Python3.6: https://repl.it/JH68/1

from collections import defaultdict

def isPermPalindrome(string: str) -> bool:

    # cleaning non alphanumerical characters from the string, and lower caseing.
    string = ''.join(char.lower() for char in string if char.isalnum())

    # counting occurrence of each type of letter
    count_dict = defaultdict(int)
    for char in string:
        count_dict[char] += 1

    # counting occurrence of chars with an odd occurrence
    odd_count = 0
    for value in count_dict.values():

        if value % 2 != 0:
            odd_count += 1

    # if all chars have an even occurrence we know it can form a palindrome
    # if there is a single char with an odd occurrence, we also know we can form a palindrome of the letters
    # if there are more than one odd occurrence letters, it is not possible to form a palindrome

    return odd_count <= 1

print(isPermPalindrome('Hello World'))
print(isPermPalindrome('Able was I ere I saw Elba'))
print(isPermPalindrome('Eva, can I see bees in a cave?'))
print(isPermPalindrome('Eva, can bees I see in a cave?'))
print(isPermPalindrome('What is going on here? ! !'))


The post above you refers to NOT embedding the repl.it preview.
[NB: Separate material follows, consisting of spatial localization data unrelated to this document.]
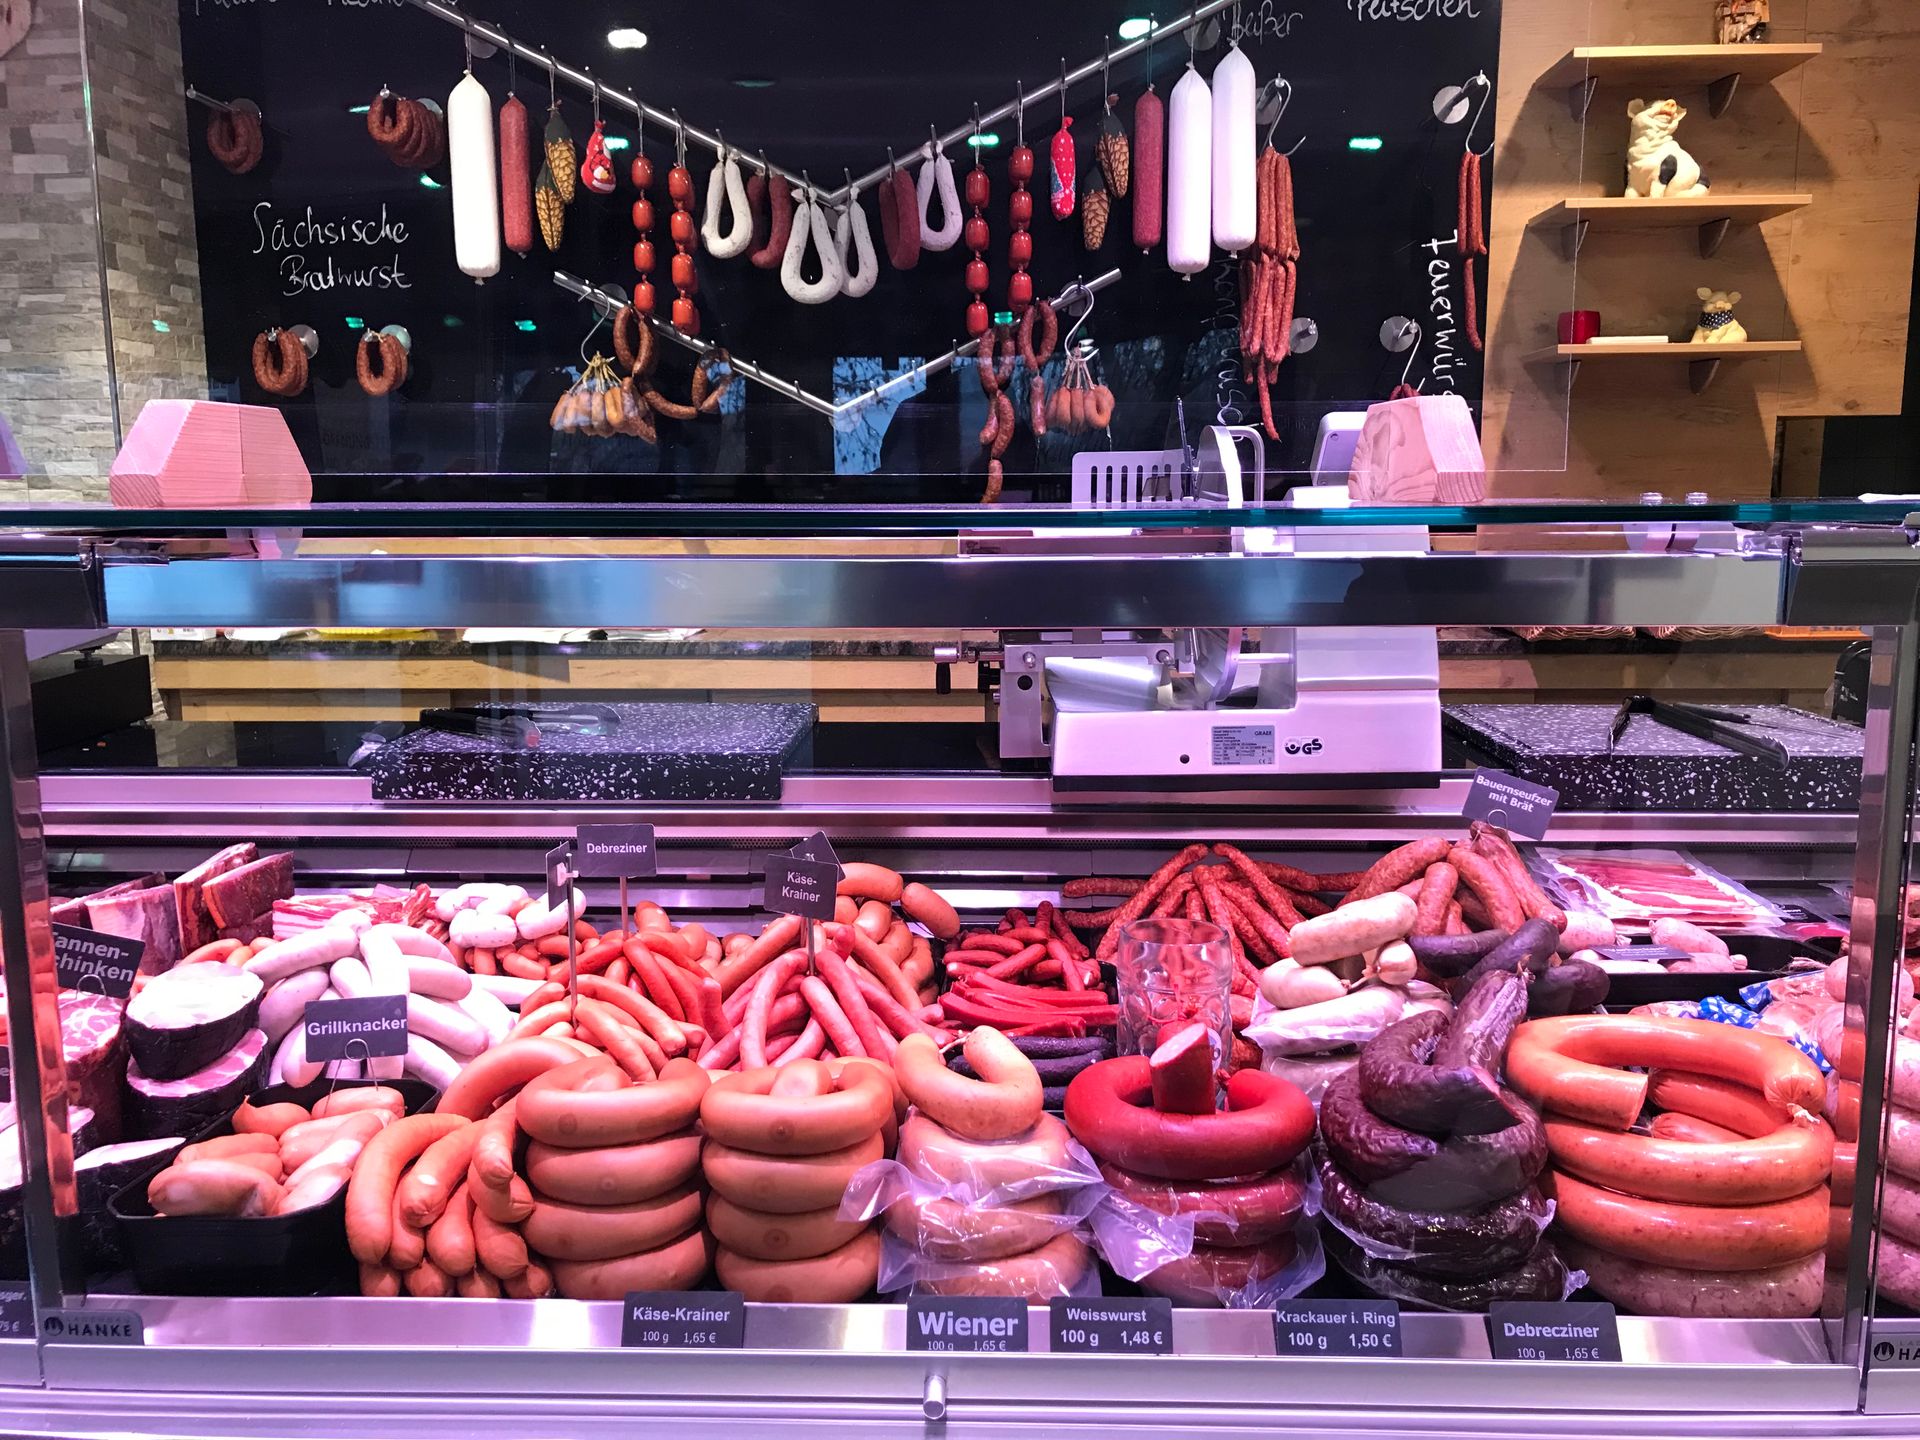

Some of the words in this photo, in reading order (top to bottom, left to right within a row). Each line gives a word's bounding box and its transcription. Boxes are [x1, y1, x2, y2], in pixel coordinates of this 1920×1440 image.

[252, 201, 409, 254] Sächsische
[280, 253, 412, 296] Bratwurst
[1421, 229, 1467, 396] Feuerwür
[1476, 775, 1552, 807] Bauernseufzer
[1488, 792, 1508, 804] mit
[1509, 797, 1534, 812] Brät
[586, 843, 648, 853] Debreziner
[787, 871, 817, 885] Käse-
[782, 886, 820, 902] Krainer
[307, 1018, 407, 1036] Grillknacker
[633, 1307, 730, 1321] Käse-Krainer
[1066, 1308, 1147, 1321] Weisswurst
[1276, 1311, 1347, 1324] Krackauer
[1350, 1312, 1359, 1324] i.
[1363, 1312, 1395, 1328] Ring
[68, 1323, 132, 1337] HANKE
[917, 1310, 1019, 1336] Wiener
[1503, 1322, 1600, 1338] Debrecziner
[642, 1331, 660, 1342] 100
[662, 1333, 669, 1344] g
[683, 1332, 706, 1344] 1,65
[708, 1332, 717, 1343] €
[1060, 1329, 1085, 1343] 100
[1090, 1333, 1099, 1346] g
[1120, 1331, 1150, 1346] 1,48
[1153, 1331, 1163, 1344] €
[1288, 1332, 1313, 1346] 100
[1318, 1336, 1328, 1349] g
[1349, 1333, 1379, 1349] 1,50
[1382, 1334, 1392, 1347] €
[927, 1340, 945, 1351] 100
[973, 1340, 996, 1352] 1,65
[998, 1340, 1007, 1351] €
[1517, 1348, 1535, 1358] 100
[1538, 1350, 1546, 1360] g
[1564, 1347, 1589, 1360] 1,65
[1590, 1348, 1600, 1359] €
Instead enter a space or any number of letters before the link to allow people to check out your code if they choose.


Here is my Python submission for all difficulties:

# accepts one string parameter, 
# consisting of letters, digits,
# spaces and punctuation
# returns a Boolean, representing
# whether or not, the letters, digits
# in the string are a valid permutation
# of a palindrome
def isPermPalindrome(sentence):
# the quantity of letters
# and or digits in the string
    total = 0
# dictionary count for each letter/digit
    tally = {}
# have we seen an odd count
    oddly = False
    # make one O(n) pass through
    # calculate total, of letters
    # tabulate counts, of letters
    for char in sentence:
        if char.isalnum():
            total += 1
            index = char.lower()
            tally[index] = tally.get(index, 0) +1
    # we have two different cases
    # to consider, total odds or even
    if total % 2 :
        # total is odd
        # we can have one and only one
        # odd letter count
        for entry in tally:
            if tally[entry] % 2:
            # found an odd letter count
                if oddly:
                # found another
                    return False
            # remember, what was found
                oddly = True
        return oddly
        # total is even
        # we can't have any
        # odd letter counts
        for entry in tally:
            if tally[entry] % 2:
            # found an odd letter count
                return False
    return True

def test_isPermPalindrome(test_string):
    print("isPermPalindrome(\"%s\") =>" % test_string, isPermPalindrome(test_string) )

test_isPermPalindrome("Science Bros.")
test_isPermPalindrome("Science Bros.; Noir")
test_isPermPalindrome("Call, Abracadabra!")
test_isPermPalindrome("God's dog")
test_isPermPalindrome("dog's God")
test_isPermPalindrome("no ding into dong")
test_isPermPalindrome("not ding into dong")

No permutations actually need to be generated.
We just need to determine whether a permutation of a palindrome is possible.

One key factor is the quanity of letters in the string.
We can ignore all other characters, such as spaces and punctuation.
If this total is odd, then only one letter can occur an odd number of times.
If this total is even, then all letters must occur an even number of times.
This is the same as, no letter can occur an odd number of times.

Here is the output of my testcases:

isPermPalindrome("kayak") => True
isPermPalindrome("yakak") => True
isPermPalindrome("") => True
isPermPalindrome("a") => True
isPermPalindrome("ba") => False
isPermPalindrome("baa") => True
isPermPalindrome("Abba") => True
isPermPalindrome("Science Bros.") => False
isPermPalindrome("Science Bros.; Noir") => True
isPermPalindrome("Abracadabra") => False
isPermPalindrome("Call, Abracadabra!") => True
isPermPalindrome("God's dog") => True
isPermPalindrome("dog's God") => True
isPermPalindrome("no ding into dong") => False
isPermPalindrome("not ding into dong") => True
isPermPalindrome("1188") => True
isPermPalindrome("1234") => False

EDIT: Wasn't accepting digits, I fixed that now.